Start of Block

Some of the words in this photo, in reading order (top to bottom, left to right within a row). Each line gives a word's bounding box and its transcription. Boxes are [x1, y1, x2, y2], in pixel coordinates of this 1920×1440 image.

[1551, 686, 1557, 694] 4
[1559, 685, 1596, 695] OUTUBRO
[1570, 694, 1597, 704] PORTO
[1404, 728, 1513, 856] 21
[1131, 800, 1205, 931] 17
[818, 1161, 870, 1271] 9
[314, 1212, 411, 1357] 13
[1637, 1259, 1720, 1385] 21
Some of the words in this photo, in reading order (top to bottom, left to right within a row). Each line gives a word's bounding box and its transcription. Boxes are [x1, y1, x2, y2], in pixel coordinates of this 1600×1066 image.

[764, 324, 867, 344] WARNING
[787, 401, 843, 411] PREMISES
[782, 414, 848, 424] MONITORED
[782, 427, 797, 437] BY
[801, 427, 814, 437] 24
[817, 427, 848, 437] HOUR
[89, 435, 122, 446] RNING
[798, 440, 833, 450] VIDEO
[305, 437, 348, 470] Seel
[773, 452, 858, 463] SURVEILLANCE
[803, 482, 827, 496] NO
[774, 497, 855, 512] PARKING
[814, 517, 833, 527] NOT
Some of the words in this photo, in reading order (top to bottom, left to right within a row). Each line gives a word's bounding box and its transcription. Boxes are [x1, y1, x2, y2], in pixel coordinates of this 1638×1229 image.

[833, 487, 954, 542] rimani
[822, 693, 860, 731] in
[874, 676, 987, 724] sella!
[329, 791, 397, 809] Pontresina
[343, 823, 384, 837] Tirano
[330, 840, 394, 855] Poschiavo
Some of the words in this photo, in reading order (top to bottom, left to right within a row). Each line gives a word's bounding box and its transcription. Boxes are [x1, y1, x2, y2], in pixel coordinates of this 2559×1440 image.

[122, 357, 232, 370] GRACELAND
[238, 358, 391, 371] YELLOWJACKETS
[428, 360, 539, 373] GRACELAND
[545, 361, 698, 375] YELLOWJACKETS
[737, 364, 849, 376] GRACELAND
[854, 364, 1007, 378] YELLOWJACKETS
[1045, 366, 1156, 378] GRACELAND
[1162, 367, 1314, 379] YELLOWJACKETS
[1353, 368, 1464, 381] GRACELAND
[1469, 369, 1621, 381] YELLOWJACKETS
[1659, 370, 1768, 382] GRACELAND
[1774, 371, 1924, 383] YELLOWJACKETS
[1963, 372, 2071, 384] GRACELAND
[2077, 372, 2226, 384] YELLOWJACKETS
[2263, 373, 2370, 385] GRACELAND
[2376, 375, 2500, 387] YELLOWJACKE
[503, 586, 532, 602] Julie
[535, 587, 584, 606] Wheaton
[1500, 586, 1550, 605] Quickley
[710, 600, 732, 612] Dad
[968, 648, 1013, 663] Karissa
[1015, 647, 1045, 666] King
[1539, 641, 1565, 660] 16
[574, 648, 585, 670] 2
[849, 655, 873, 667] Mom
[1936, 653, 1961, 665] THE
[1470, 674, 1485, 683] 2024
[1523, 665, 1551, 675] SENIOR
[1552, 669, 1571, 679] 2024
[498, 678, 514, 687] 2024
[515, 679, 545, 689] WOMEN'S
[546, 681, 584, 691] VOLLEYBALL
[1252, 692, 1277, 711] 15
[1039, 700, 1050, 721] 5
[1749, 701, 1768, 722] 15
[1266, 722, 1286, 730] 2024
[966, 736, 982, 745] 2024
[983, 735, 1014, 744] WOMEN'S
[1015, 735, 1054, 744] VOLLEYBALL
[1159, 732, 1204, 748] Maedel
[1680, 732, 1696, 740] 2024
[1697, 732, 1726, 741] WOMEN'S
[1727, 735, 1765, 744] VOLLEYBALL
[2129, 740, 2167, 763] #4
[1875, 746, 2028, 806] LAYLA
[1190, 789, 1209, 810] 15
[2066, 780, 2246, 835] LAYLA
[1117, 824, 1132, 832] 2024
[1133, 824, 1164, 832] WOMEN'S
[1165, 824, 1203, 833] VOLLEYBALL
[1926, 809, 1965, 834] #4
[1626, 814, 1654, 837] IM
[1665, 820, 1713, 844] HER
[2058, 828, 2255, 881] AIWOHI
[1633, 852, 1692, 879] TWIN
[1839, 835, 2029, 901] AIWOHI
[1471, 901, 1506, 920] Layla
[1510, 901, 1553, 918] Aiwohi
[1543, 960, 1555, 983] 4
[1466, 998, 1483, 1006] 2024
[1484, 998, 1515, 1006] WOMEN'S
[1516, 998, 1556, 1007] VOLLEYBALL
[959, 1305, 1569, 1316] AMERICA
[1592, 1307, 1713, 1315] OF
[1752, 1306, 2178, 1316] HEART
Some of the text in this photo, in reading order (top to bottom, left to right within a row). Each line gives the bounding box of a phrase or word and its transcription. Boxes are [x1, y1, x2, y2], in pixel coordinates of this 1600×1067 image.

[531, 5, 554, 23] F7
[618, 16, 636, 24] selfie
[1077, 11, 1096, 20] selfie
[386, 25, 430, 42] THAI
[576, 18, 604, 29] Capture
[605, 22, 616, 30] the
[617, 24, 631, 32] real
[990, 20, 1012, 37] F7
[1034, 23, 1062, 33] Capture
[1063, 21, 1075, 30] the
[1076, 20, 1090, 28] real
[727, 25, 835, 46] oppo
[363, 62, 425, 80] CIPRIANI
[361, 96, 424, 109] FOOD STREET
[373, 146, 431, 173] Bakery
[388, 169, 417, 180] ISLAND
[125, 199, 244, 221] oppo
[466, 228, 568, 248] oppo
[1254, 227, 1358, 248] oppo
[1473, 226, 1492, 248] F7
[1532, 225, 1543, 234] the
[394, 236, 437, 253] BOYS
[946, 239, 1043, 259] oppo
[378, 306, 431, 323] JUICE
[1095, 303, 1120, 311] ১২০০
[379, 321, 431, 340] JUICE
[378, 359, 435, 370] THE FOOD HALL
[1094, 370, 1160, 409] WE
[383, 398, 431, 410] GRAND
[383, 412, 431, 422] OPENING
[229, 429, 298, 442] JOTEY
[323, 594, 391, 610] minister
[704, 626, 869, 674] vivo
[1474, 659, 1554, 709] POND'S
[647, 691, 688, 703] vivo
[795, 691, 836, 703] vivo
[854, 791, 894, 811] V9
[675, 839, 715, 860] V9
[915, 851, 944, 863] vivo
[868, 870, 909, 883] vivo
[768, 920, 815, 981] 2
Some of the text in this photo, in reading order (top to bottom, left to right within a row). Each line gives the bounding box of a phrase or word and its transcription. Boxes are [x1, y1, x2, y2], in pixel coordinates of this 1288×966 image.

End of Block

◆ Work request ◆
Output all of the records, keeping every word exact.

◆ Answer for the task ◆
Some of the words in this photo, in reading order (top to bottom, left to right within a row). Each line gives a word's bounding box and its transcription. Boxes are [x1, y1, x2, y2], in pixel coordinates of this 1920×1440 image.

[1551, 686, 1557, 694] 4
[1559, 685, 1596, 695] OUTUBRO
[1570, 694, 1597, 704] PORTO
[1404, 728, 1513, 856] 21
[1131, 800, 1205, 931] 17
[818, 1161, 870, 1271] 9
[314, 1212, 411, 1357] 13
[1637, 1259, 1720, 1385] 21
Some of the words in this photo, in reading order (top to bottom, left to right within a row). Each line gives a word's bounding box and its transcription. Boxes are [x1, y1, x2, y2], in pixel coordinates of this 1600×1066 image.

[764, 324, 867, 344] WARNING
[787, 401, 843, 411] PREMISES
[782, 414, 848, 424] MONITORED
[782, 427, 797, 437] BY
[801, 427, 814, 437] 24
[817, 427, 848, 437] HOUR
[89, 435, 122, 446] RNING
[798, 440, 833, 450] VIDEO
[305, 437, 348, 470] Seel
[773, 452, 858, 463] SURVEILLANCE
[803, 482, 827, 496] NO
[774, 497, 855, 512] PARKING
[814, 517, 833, 527] NOT
Some of the words in this photo, in reading order (top to bottom, left to right within a row). Each line gives a word's bounding box and its transcription. Boxes are [x1, y1, x2, y2], in pixel coordinates of this 1638×1229 image.

[833, 487, 954, 542] rimani
[822, 693, 860, 731] in
[874, 676, 987, 724] sella!
[329, 791, 397, 809] Pontresina
[343, 823, 384, 837] Tirano
[330, 840, 394, 855] Poschiavo
Some of the words in this photo, in reading order (top to bottom, left to right within a row). Each line gives a word's bounding box and its transcription. Boxes are [x1, y1, x2, y2], in pixel coordinates of this 2559×1440 image.

[122, 357, 232, 370] GRACELAND
[238, 358, 391, 371] YELLOWJACKETS
[428, 360, 539, 373] GRACELAND
[545, 361, 698, 375] YELLOWJACKETS
[737, 364, 849, 376] GRACELAND
[854, 364, 1007, 378] YELLOWJACKETS
[1045, 366, 1156, 378] GRACELAND
[1162, 367, 1314, 379] YELLOWJACKETS
[1353, 368, 1464, 381] GRACELAND
[1469, 369, 1621, 381] YELLOWJACKETS
[1659, 370, 1768, 382] GRACELAND
[1774, 371, 1924, 383] YELLOWJACKETS
[1963, 372, 2071, 384] GRACELAND
[2077, 372, 2226, 384] YELLOWJACKETS
[2263, 373, 2370, 385] GRACELAND
[2376, 375, 2500, 387] YELLOWJACKE
[503, 586, 532, 602] Julie
[535, 587, 584, 606] Wheaton
[1500, 586, 1550, 605] Quickley
[710, 600, 732, 612] Dad
[968, 648, 1013, 663] Karissa
[1015, 647, 1045, 666] King
[1539, 641, 1565, 660] 16
[574, 648, 585, 670] 2
[849, 655, 873, 667] Mom
[1936, 653, 1961, 665] THE
[1470, 674, 1485, 683] 2024
[1523, 665, 1551, 675] SENIOR
[1552, 669, 1571, 679] 2024
[498, 678, 514, 687] 2024
[515, 679, 545, 689] WOMEN'S
[546, 681, 584, 691] VOLLEYBALL
[1252, 692, 1277, 711] 15
[1039, 700, 1050, 721] 5
[1749, 701, 1768, 722] 15
[1266, 722, 1286, 730] 2024
[966, 736, 982, 745] 2024
[983, 735, 1014, 744] WOMEN'S
[1015, 735, 1054, 744] VOLLEYBALL
[1159, 732, 1204, 748] Maedel
[1680, 732, 1696, 740] 2024
[1697, 732, 1726, 741] WOMEN'S
[1727, 735, 1765, 744] VOLLEYBALL
[2129, 740, 2167, 763] #4
[1875, 746, 2028, 806] LAYLA
[1190, 789, 1209, 810] 15
[2066, 780, 2246, 835] LAYLA
[1117, 824, 1132, 832] 2024
[1133, 824, 1164, 832] WOMEN'S
[1165, 824, 1203, 833] VOLLEYBALL
[1926, 809, 1965, 834] #4
[1626, 814, 1654, 837] IM
[1665, 820, 1713, 844] HER
[2058, 828, 2255, 881] AIWOHI
[1633, 852, 1692, 879] TWIN
[1839, 835, 2029, 901] AIWOHI
[1471, 901, 1506, 920] Layla
[1510, 901, 1553, 918] Aiwohi
[1543, 960, 1555, 983] 4
[1466, 998, 1483, 1006] 2024
[1484, 998, 1515, 1006] WOMEN'S
[1516, 998, 1556, 1007] VOLLEYBALL
[959, 1305, 1569, 1316] AMERICA
[1592, 1307, 1713, 1315] OF
[1752, 1306, 2178, 1316] HEART
Some of the text in this photo, in reading order (top to bottom, left to right within a row). Each line gives the bounding box of a phrase or word and its transcription. Boxes are [x1, y1, x2, y2], in pixel coordinates of this 1600×1067 image.

[531, 5, 554, 23] F7
[618, 16, 636, 24] selfie
[1077, 11, 1096, 20] selfie
[386, 25, 430, 42] THAI
[576, 18, 604, 29] Capture
[605, 22, 616, 30] the
[617, 24, 631, 32] real
[990, 20, 1012, 37] F7
[1034, 23, 1062, 33] Capture
[1063, 21, 1075, 30] the
[1076, 20, 1090, 28] real
[727, 25, 835, 46] oppo
[363, 62, 425, 80] CIPRIANI
[361, 96, 424, 109] FOOD STREET
[373, 146, 431, 173] Bakery
[388, 169, 417, 180] ISLAND
[125, 199, 244, 221] oppo
[466, 228, 568, 248] oppo
[1254, 227, 1358, 248] oppo
[1473, 226, 1492, 248] F7
[1532, 225, 1543, 234] the
[394, 236, 437, 253] BOYS
[946, 239, 1043, 259] oppo
[378, 306, 431, 323] JUICE
[1095, 303, 1120, 311] ১২০০
[379, 321, 431, 340] JUICE
[378, 359, 435, 370] THE FOOD HALL
[1094, 370, 1160, 409] WE
[383, 398, 431, 410] GRAND
[383, 412, 431, 422] OPENING
[229, 429, 298, 442] JOTEY
[323, 594, 391, 610] minister
[704, 626, 869, 674] vivo
[1474, 659, 1554, 709] POND'S
[647, 691, 688, 703] vivo
[795, 691, 836, 703] vivo
[854, 791, 894, 811] V9
[675, 839, 715, 860] V9
[915, 851, 944, 863] vivo
[868, 870, 909, 883] vivo
[768, 920, 815, 981] 2
Some of the text in this photo, in reading order (top to bottom, left to right within a row). Each line gives the bounding box of a phrase or word and its transcription. Boxes are [x1, y1, x2, y2], in pixel coordinates of this 1288×966 image.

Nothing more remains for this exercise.